Spatial localization data:
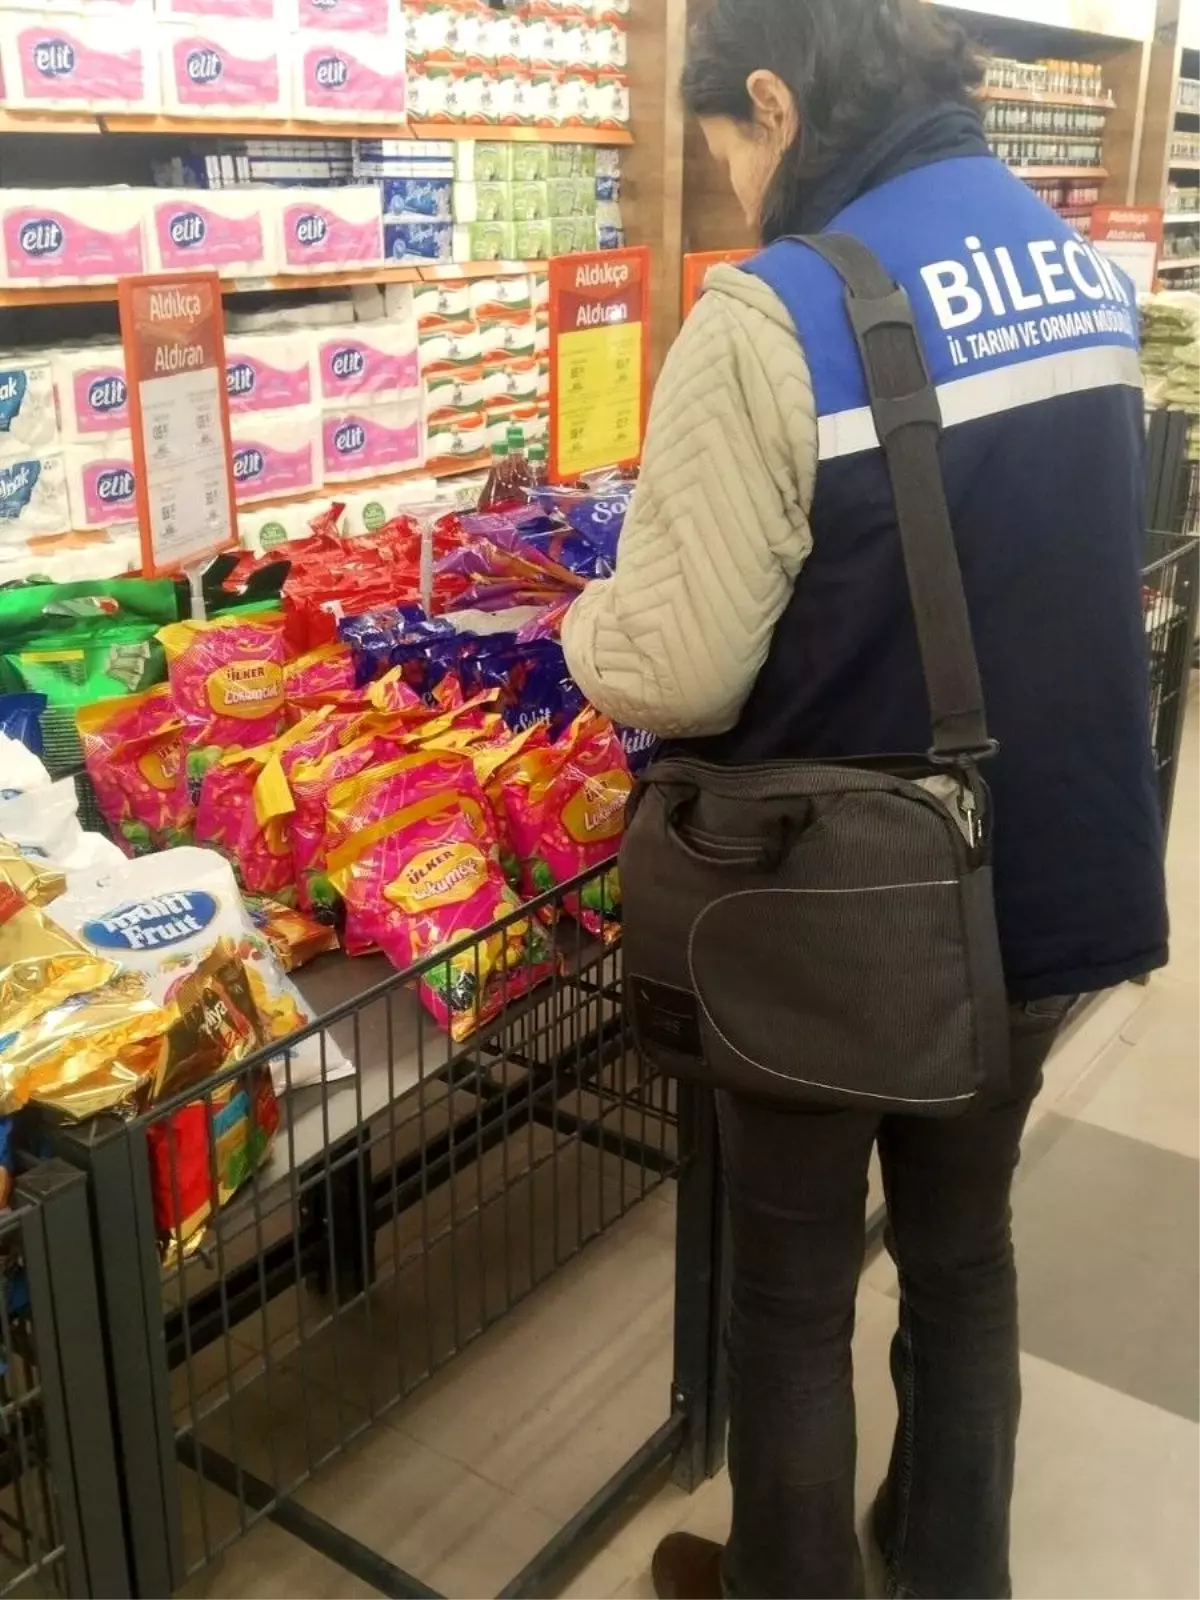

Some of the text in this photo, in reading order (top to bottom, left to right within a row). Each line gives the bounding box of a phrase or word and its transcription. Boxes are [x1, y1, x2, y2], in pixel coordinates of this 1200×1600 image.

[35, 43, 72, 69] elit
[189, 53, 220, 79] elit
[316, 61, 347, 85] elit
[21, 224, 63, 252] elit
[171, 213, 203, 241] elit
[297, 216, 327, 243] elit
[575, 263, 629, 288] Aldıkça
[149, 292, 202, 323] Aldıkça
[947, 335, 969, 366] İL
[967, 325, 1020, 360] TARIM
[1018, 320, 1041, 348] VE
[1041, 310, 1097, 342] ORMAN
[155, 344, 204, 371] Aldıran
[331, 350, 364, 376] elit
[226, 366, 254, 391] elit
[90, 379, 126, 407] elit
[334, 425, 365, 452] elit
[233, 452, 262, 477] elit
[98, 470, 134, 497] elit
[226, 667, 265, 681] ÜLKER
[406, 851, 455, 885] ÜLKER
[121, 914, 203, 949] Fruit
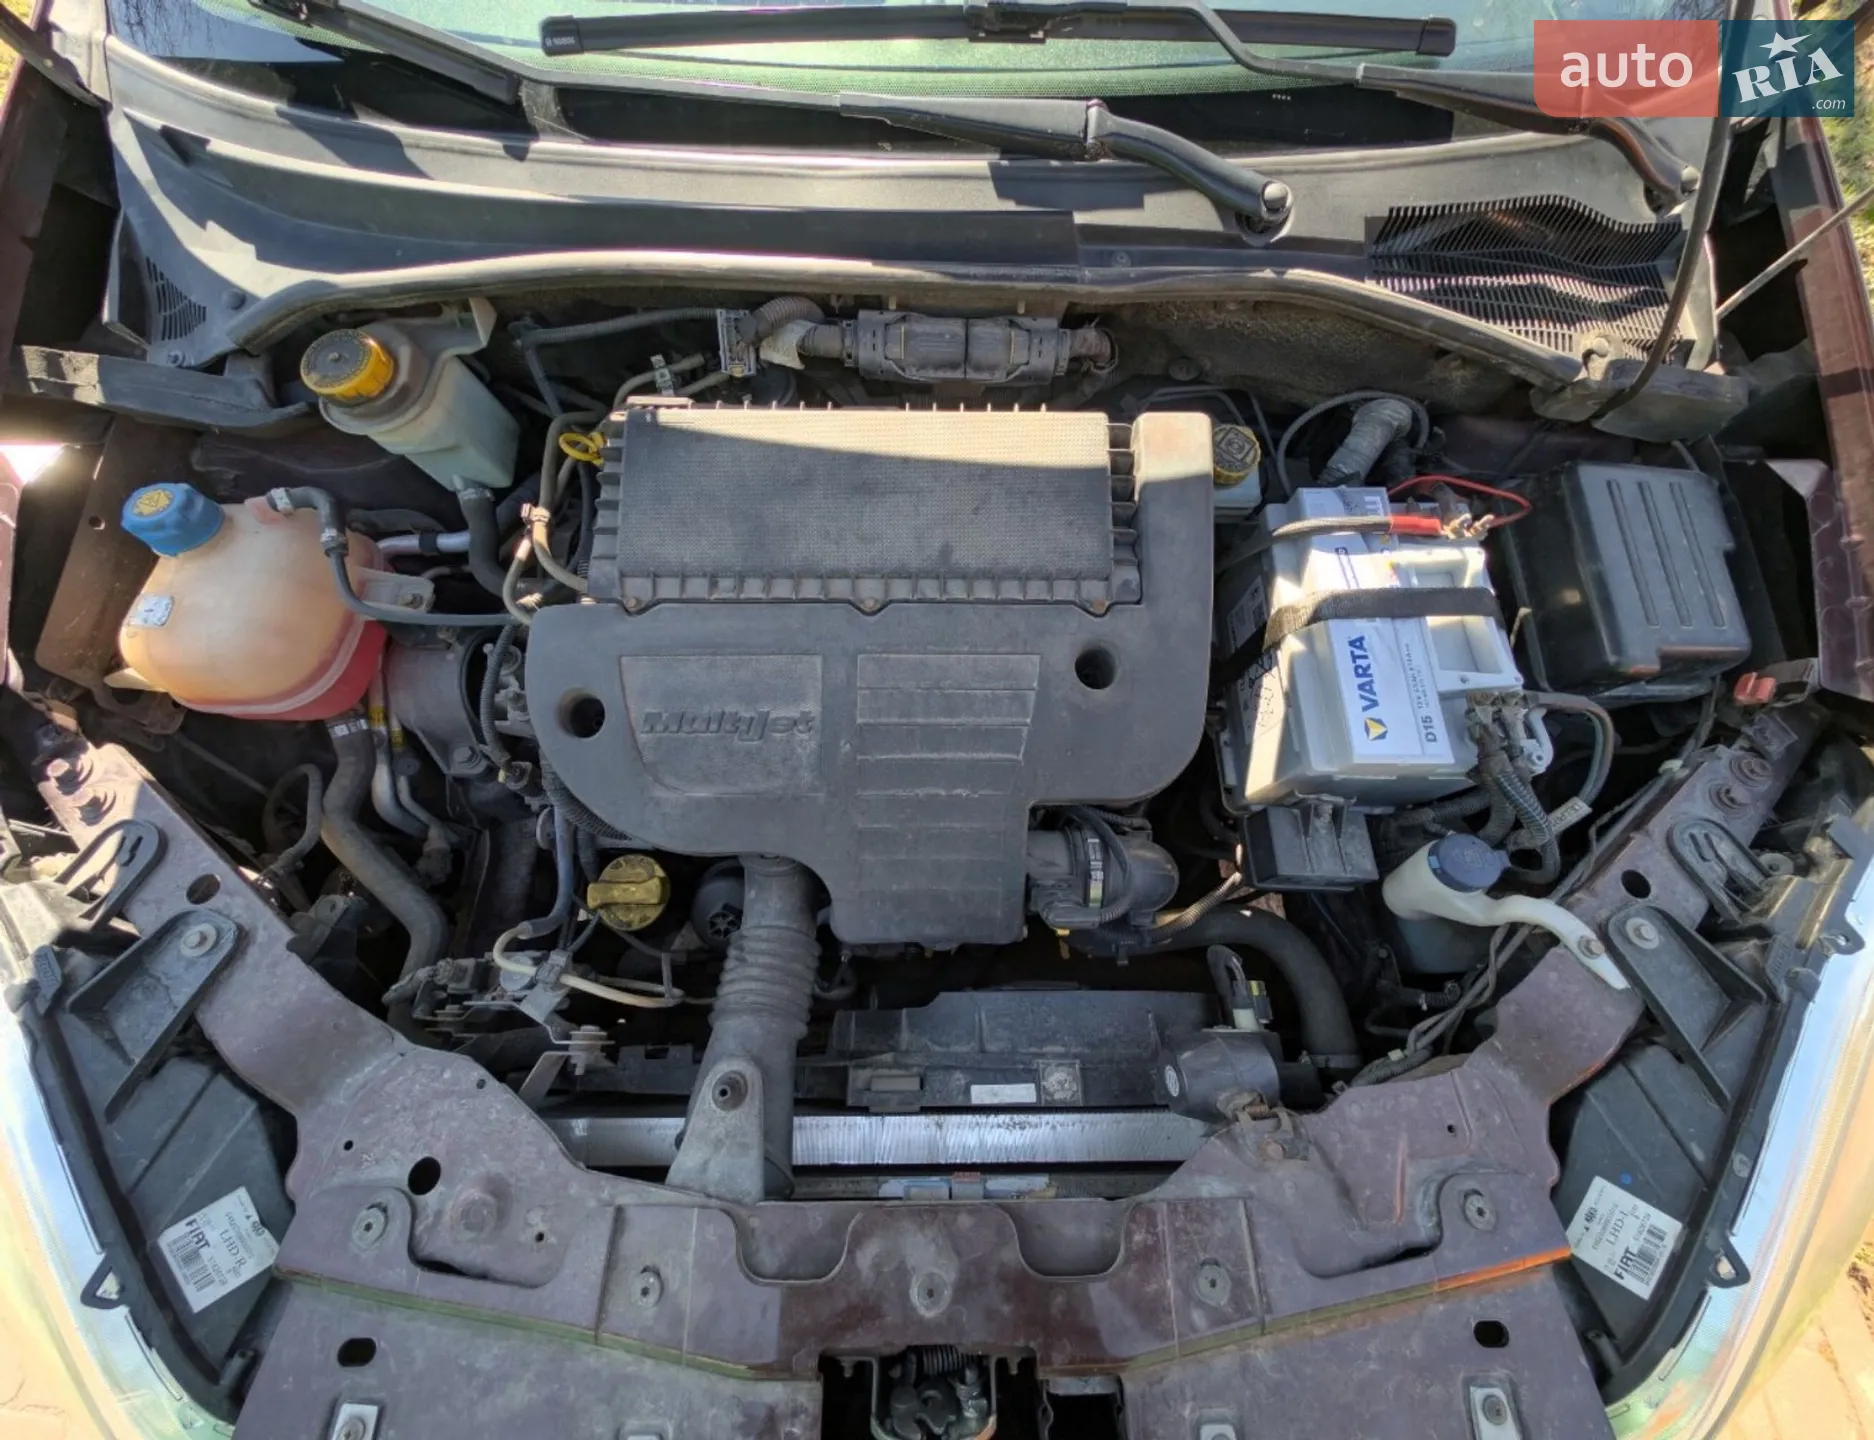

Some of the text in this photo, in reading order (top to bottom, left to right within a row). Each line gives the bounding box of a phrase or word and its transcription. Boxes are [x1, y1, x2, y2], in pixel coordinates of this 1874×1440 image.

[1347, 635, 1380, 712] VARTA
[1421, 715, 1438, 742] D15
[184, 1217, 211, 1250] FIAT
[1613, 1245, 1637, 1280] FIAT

**INSTRUCTIONS TO FOLLOW**
A verbatim copy of the entries, without the pictures, is what this task requires.

**WRITTEN ANSWER**
Some of the text in this photo, in reading order (top to bottom, left to right within a row). Each line gives the bounding box of a phrase or word and its transcription. Boxes are [x1, y1, x2, y2], in pixel coordinates of this 1200×1600 image.

[35, 43, 72, 69] elit
[189, 53, 220, 79] elit
[316, 61, 347, 85] elit
[21, 224, 63, 252] elit
[171, 213, 203, 241] elit
[297, 216, 327, 243] elit
[575, 263, 629, 288] Aldıkça
[149, 292, 202, 323] Aldıkça
[947, 335, 969, 366] İL
[967, 325, 1020, 360] TARIM
[1018, 320, 1041, 348] VE
[1041, 310, 1097, 342] ORMAN
[155, 344, 204, 371] Aldıran
[331, 350, 364, 376] elit
[226, 366, 254, 391] elit
[90, 379, 126, 407] elit
[334, 425, 365, 452] elit
[233, 452, 262, 477] elit
[98, 470, 134, 497] elit
[226, 667, 265, 681] ÜLKER
[406, 851, 455, 885] ÜLKER
[121, 914, 203, 949] Fruit

Some of the text in this photo, in reading order (top to bottom, left to right within a row). Each line gives the bounding box of a phrase or word and its transcription. Boxes are [x1, y1, x2, y2], in pixel coordinates of this 1874×1440 image.

[1347, 635, 1380, 712] VARTA
[1421, 715, 1438, 742] D15
[184, 1217, 211, 1250] FIAT
[1613, 1245, 1637, 1280] FIAT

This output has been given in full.